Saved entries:
==========

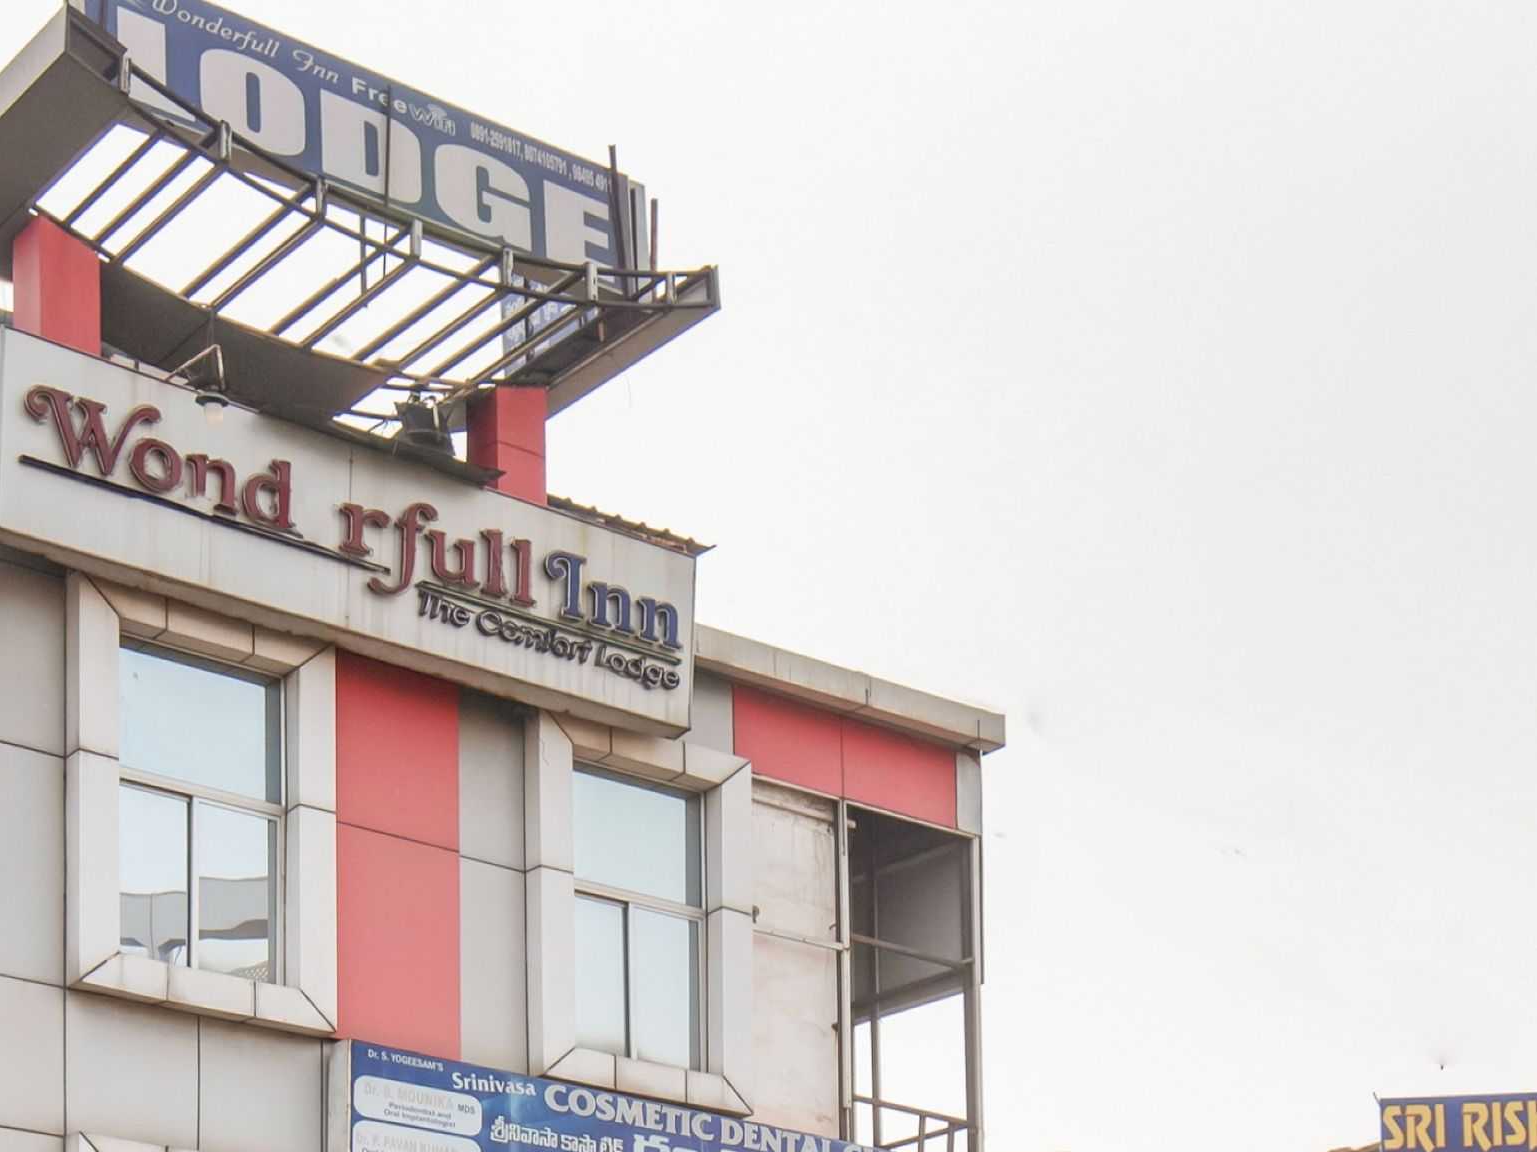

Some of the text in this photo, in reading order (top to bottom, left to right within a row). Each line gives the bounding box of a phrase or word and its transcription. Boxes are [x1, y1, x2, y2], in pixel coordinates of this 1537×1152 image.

[293, 49, 340, 85] Inn
[116, 5, 620, 293] LODGE
[542, 548, 683, 651] Inn
[416, 590, 680, 690] The Comfort Lodge
[368, 1048, 379, 1059] Dr.
[451, 1071, 537, 1097] Srinivasa
[544, 1084, 714, 1142] COSMETIC
[457, 1103, 477, 1115] MDS

==========

_Activity_: Produce the entries again, word for word, without any of their pictures.

_Response to this exercise_:
Some of the text in this photo, in reading order (top to bottom, left to right within a row). Each line gives the bounding box of a phrase or word and its transcription. Boxes are [x1, y1, x2, y2], in pixel coordinates of this 1537×1152 image.

[293, 49, 340, 85] Inn
[116, 5, 620, 293] LODGE
[542, 548, 683, 651] Inn
[416, 590, 680, 690] The Comfort Lodge
[368, 1048, 379, 1059] Dr.
[451, 1071, 537, 1097] Srinivasa
[544, 1084, 714, 1142] COSMETIC
[457, 1103, 477, 1115] MDS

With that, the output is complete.